Taya Graham: You were also battling another set of charges related to a camping incident. Can you talk about what those charges are?

Otto the Watchdog: Yeah. It’s really hard to talk about. And I’ve had lots of time to process it, and it hasn’t helped even a little bit. It still hurts every time. Forgive me. But the charges that they put against me of child endangerment is usually reserved for people who do something or leave their kids to go do dope, or something like that. And as a result of being charged with child endangerment, I wasn’t able to even speak with my children for a year, a little over a year. It was 16 months, actually, before the prosecutor finally decided to make a modification to the bond which would allow me to communicate with them again. Only on certain times and things like that. I get visitation with my kids, which is, I think that’s a rough term. It implies that no one of us is … I mean, It’s just a strange term, visitation. I get to visit with my children.

And this is all before I’d been convicted of anything. I have no convictions of any kind. So, when they … We were already going through a rough spot, right? It was already rough. We were making the most of it at the time, as it was. Now we have the court trying to tell not just me, but also my entire family and my extended family, how we can live and what rules we have to abide by. And none of us agree to these terms. Everybody thinks it’s ridiculous, right? And I can’t even tell my kids I love them. You know, that was the absolute worst. And to be honest with you, I almost didn’t make that. I almost didn’t make it. That was the absolute roughest.

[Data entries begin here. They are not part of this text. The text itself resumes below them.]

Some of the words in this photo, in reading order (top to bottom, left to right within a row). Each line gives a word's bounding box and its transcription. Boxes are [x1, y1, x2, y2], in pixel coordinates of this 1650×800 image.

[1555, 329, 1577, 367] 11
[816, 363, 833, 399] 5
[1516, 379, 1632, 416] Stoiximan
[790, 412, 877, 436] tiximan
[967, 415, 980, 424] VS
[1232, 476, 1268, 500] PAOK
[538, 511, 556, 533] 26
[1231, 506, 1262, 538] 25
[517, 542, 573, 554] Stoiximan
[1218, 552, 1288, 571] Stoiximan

I still got pictures and things like that. So now, my kids are out there and I know that they’re going through some stuff and I can’t even talk to them about it. Right? I can’t do nothing. I just have to sit there and watch. And I was afraid that they thought that I abandoned them. Thankfully, my family is pretty awesome and kept reminding them that daddy loves them. When I finally got to see them again, that was a pretty big deal, man. But it should’ve never happened. I wasn’t doing anything at all. I was minding my own business. Trying to do what they wanted me to do. I was trying to show up to court. And I just keep getting arrested, on the way to court.

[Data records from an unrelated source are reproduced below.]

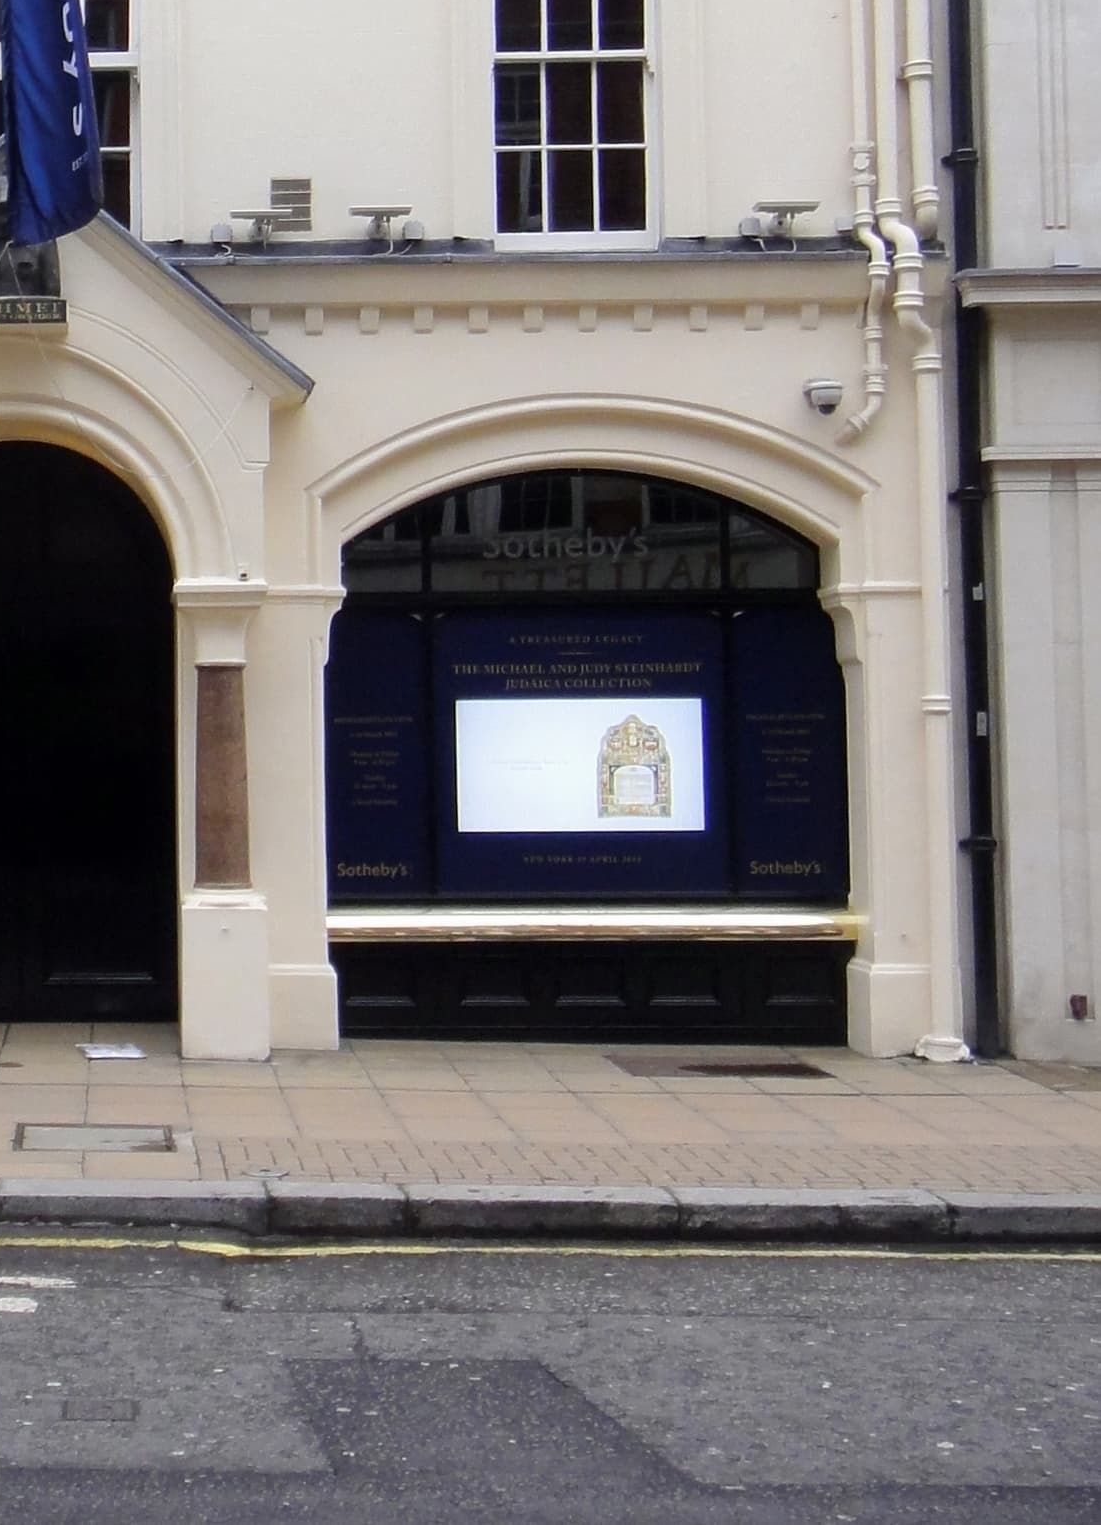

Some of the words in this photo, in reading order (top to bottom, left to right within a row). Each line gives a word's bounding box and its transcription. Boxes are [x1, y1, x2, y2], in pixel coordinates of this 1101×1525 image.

[482, 527, 649, 563] Sotheby's
[452, 664, 478, 674] THE
[482, 664, 545, 674] MICHAEL
[549, 664, 578, 674] AND
[579, 663, 611, 675] JUDY
[505, 678, 562, 690] JUDAICA
[564, 678, 652, 689] COLLECTION
[337, 862, 408, 879] Sotheby's
[750, 860, 821, 877] Sotheby's

It’s fucked up. I made fun of them and they crushed me. As a result of it. I don’t want to say they [inaudible] me, but they fucking might have. I’m not the same person that I was two years ago, three years ago. My god, it’s been three years. And I’ve had very little resolution on my case. The only one that I even care about at this point is the camping with my children case, because that one has all the pain with it. And I miss my kids, man. And the kids … When you got a six-year-old and he hasn’t seen his dad in three years, what the fuck? It’s not like I disappeared. It’s not like I ran off. I’m right here. I’ve been here the whole time. I just can’t talk to him.

Taya Graham: I’m sorry.

Otto the Watchdog: It was right before Christmas. And then all the birthdays right after that. I’ve missed a lot, man. I just hope it doesn’t fuck them up. They offered to reduce the felony child endangerment to a misdemeanor as long as I plead guilty to everything that they accused me of. Knowing that I have a federal lawsuit filed on them on the sign case, the [inaudible] sign case. And I didn’t even file that–I didn’t even file that lawsuit until damn near two years after the event. They had plenty of time to dismiss that case, well before I ever filed a lawsuit. Now they’re telling my attorney, and I do have an attorney on that case now, by the way, I couldn’t afford that. I still can’t afford it. Thankfully there’s people who really give a shit about me, obviously. And if it wasn’t for the generosity of people around and their … I don’t even know. I don’t understand that.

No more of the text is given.